Concept: Compliance refers to whether actual treatment coincides with assigned treatment (Gerber and Green 2012:131). One-sided non compliance is a case of failure to treat: no one in the control group gets treated and some people in the treatment group do not get treated.
Let \(d_i(z)\) be a potential outcome that tells us person \(i\)’s treatment status \(d_i\) when their treatment assignment is \(z_i\). For example, \(d_i(1) = 0\) refers to person \(i\) who has been assigned to treatment (\(z_i=1\)) but is not treated (\(d_i = 0\)).
We can now think of four types of subjects in any experiment:
Theorem 5.1 shows that CACE (complier average causal effect or the average treatment effect among compliers) is a ratio of two intent-to-treat parameters: the effect of treatment assignment on the outcome \(Y_i\) (called \(ITT\) or \(ITT_Y\)); and the effect of treatment assignment on treatment status \(D_i\) (called \(ITT_D\)). More specifically, \(CACE = \frac{ITT}{ITT_D}\)
Proof: Start with the ITT
or intent-to-treat effect:
\(\underbrace{E[Y_i | z_i = 1]}_{\text{Avg Outcome in Trt Group}} - \underbrace{E[Y_i | z_i = 0]}_{\text{Avg Outcome in Control Group}}\)
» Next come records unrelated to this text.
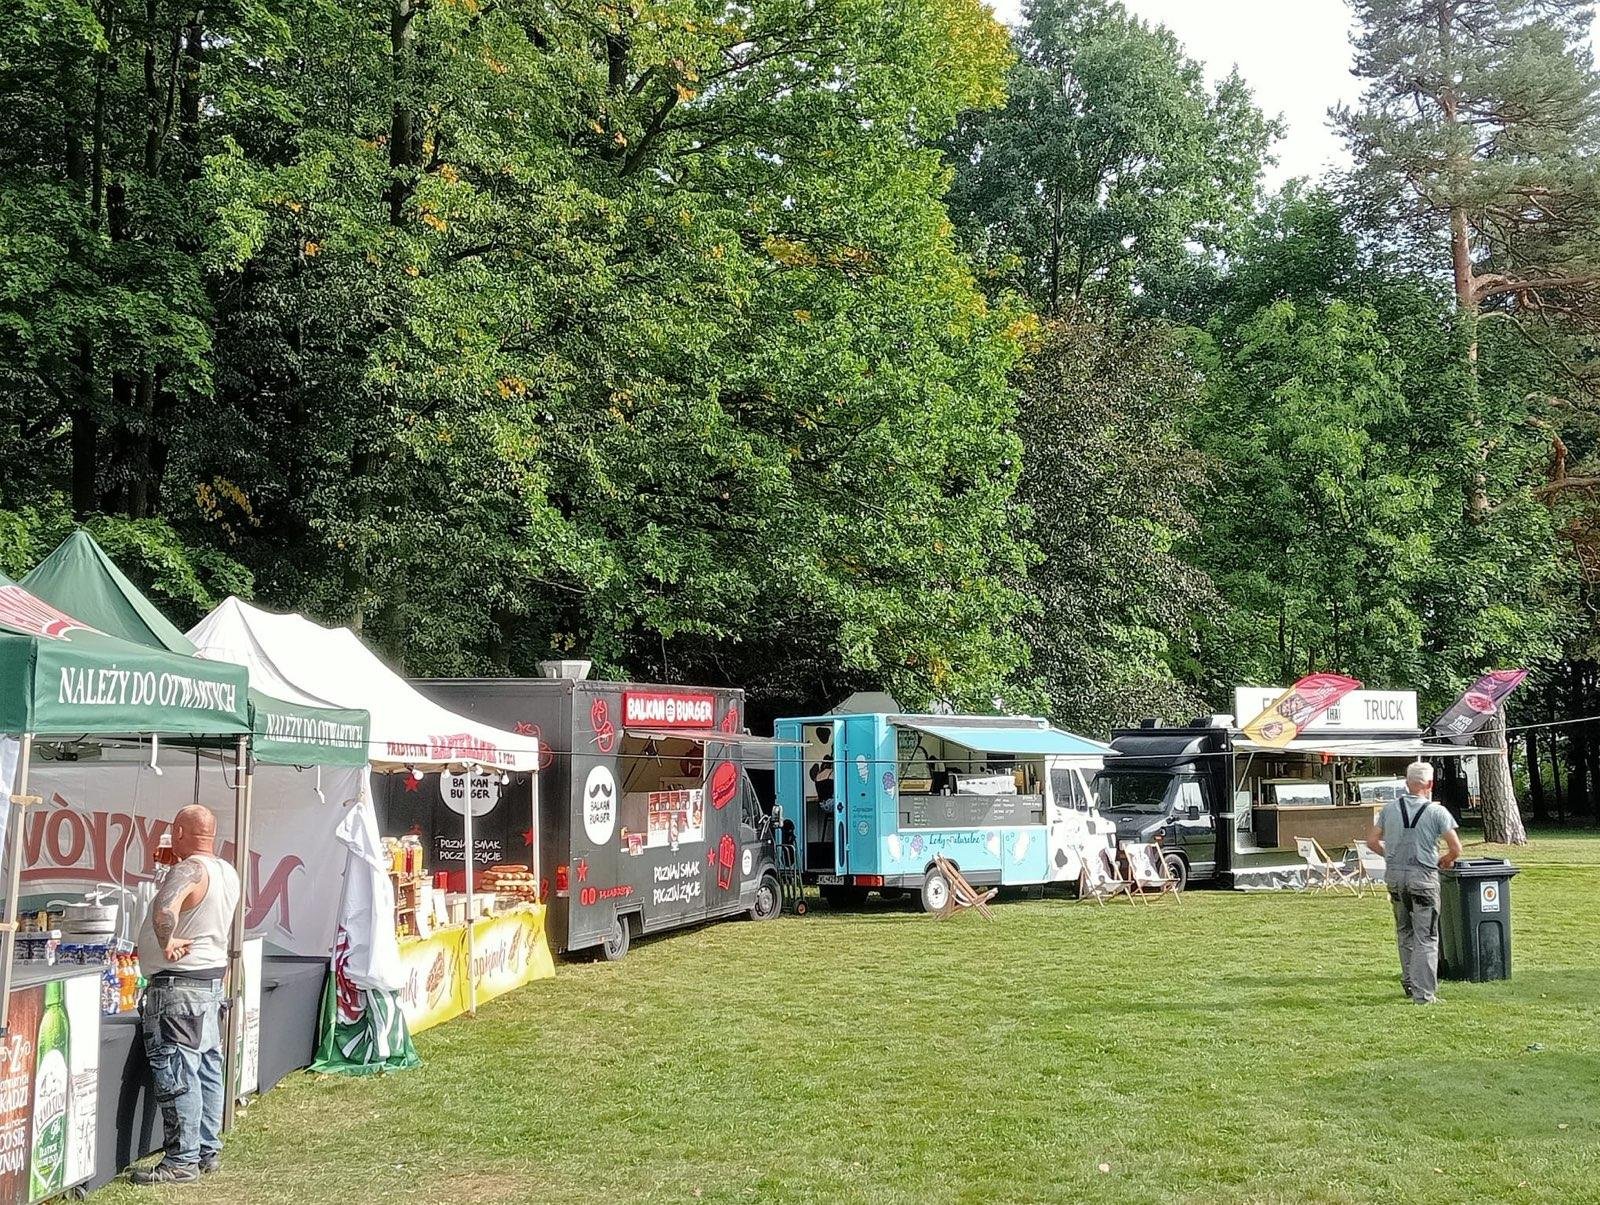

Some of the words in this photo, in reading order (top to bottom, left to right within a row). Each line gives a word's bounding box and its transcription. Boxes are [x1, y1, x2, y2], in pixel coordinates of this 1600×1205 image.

[58, 664, 130, 705] NALEŻY
[131, 671, 156, 705] DO
[159, 672, 237, 713] OTWARTYCH
[627, 697, 665, 721] BALKAN
[676, 699, 713, 722] BURGER
[1364, 699, 1404, 720] TRUCK
[264, 713, 303, 743] NALEŻY
[303, 719, 317, 745] DO
[318, 720, 363, 748] OTWARTYCH
[453, 778, 489, 788] BAKAN
[450, 789, 490, 799] BUGER
[474, 839, 501, 850] SMAK
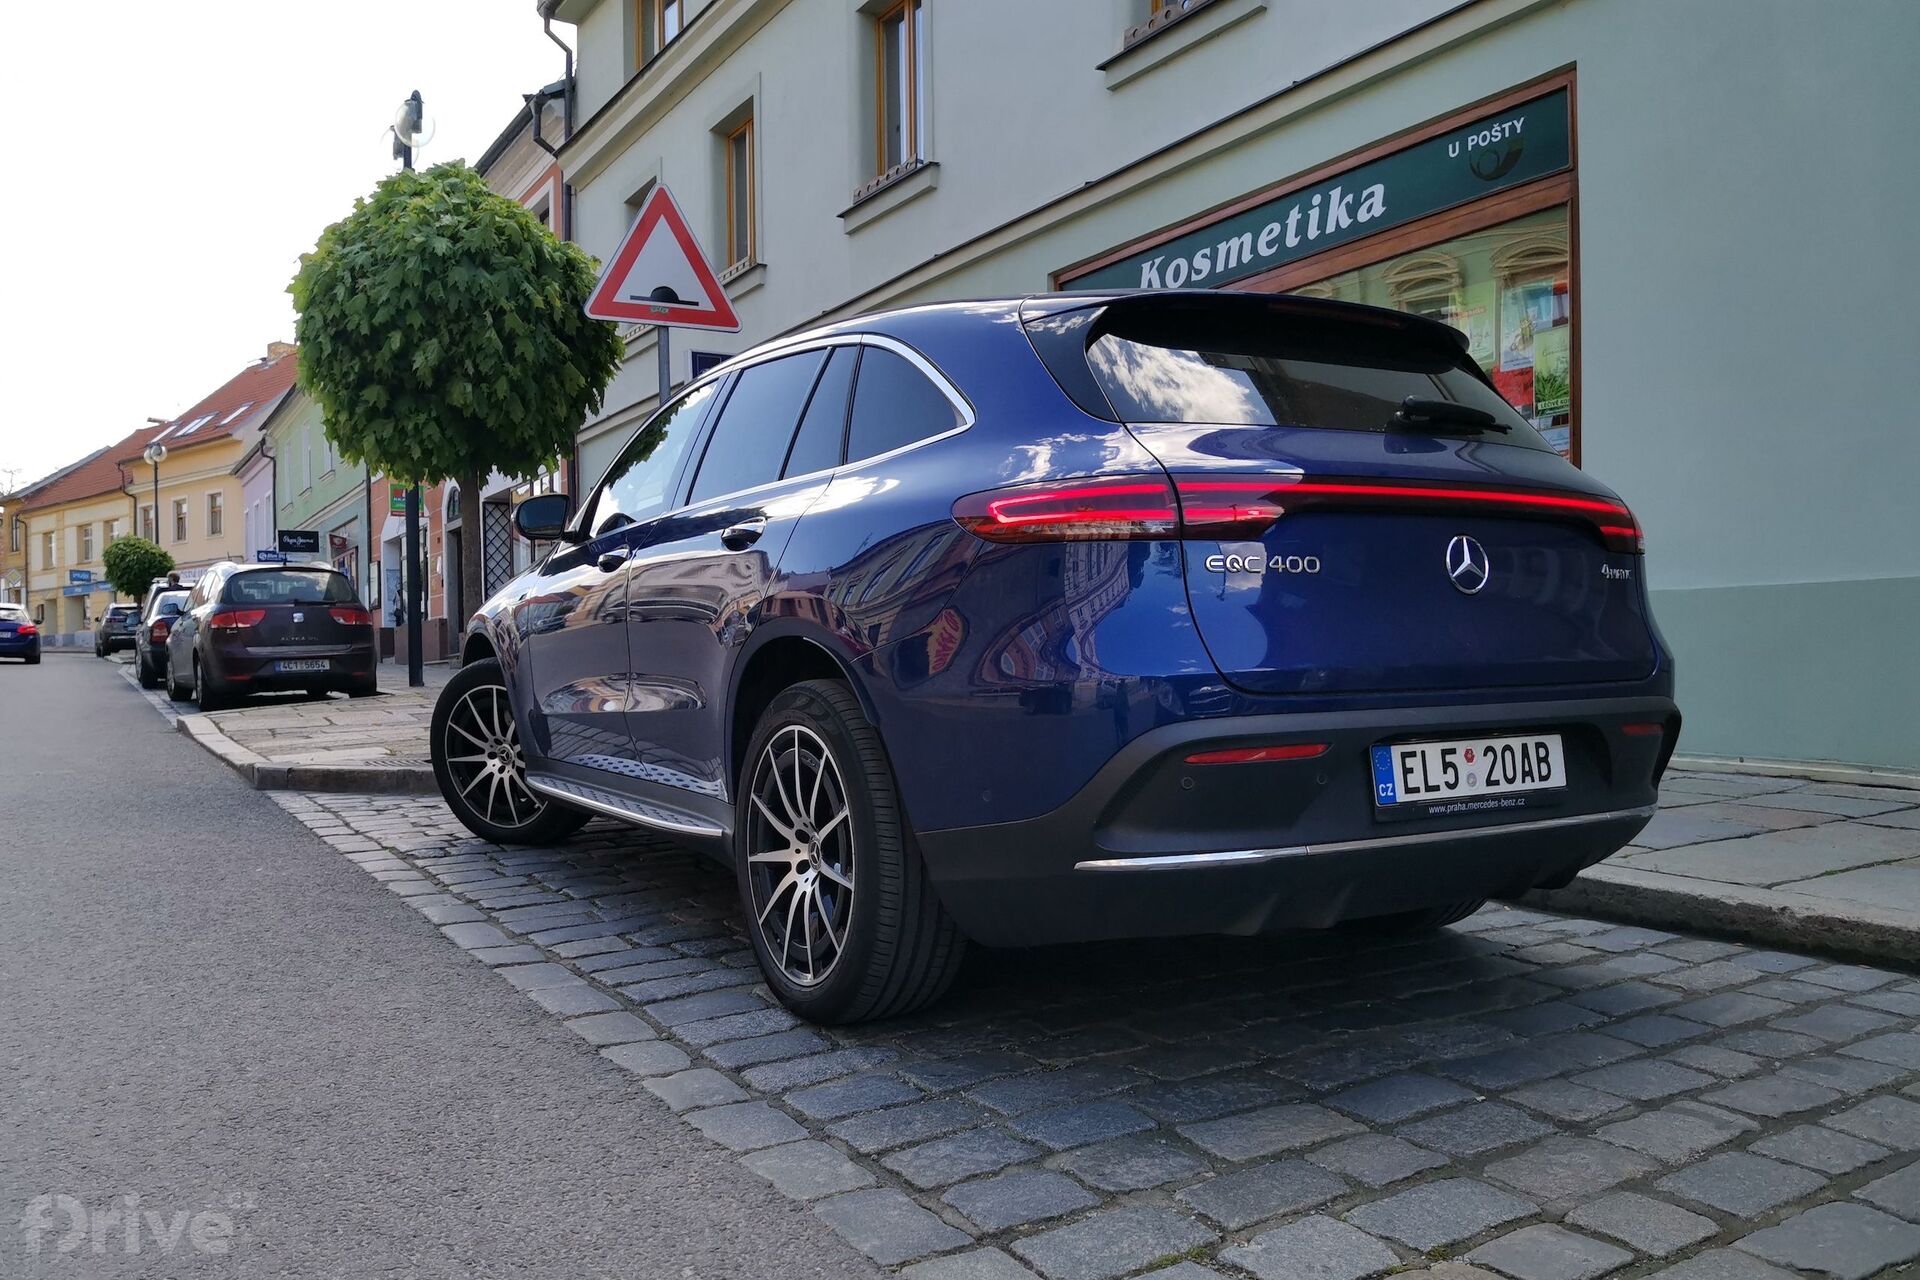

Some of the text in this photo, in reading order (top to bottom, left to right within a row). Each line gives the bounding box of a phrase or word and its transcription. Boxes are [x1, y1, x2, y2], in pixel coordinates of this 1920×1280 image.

We can rewrite each of these quantities as a weighted average of potential outcomes of different types of subjects:
In the treatment group:
\(E[Y_i | z_i = 1] = E[Y_i | z_i = 1, d_i = 1]\cdot \pi_C + E[Y_i | z_i = 1, d_i = 0]\cdot(1 - \pi_C)\)
where \(\pi_C\) is the proportion of compliers in the treatment group. Since we assume there are only two types of subjects, \((1 - \pi_C)\) is the proportion of never takers in the treatment group.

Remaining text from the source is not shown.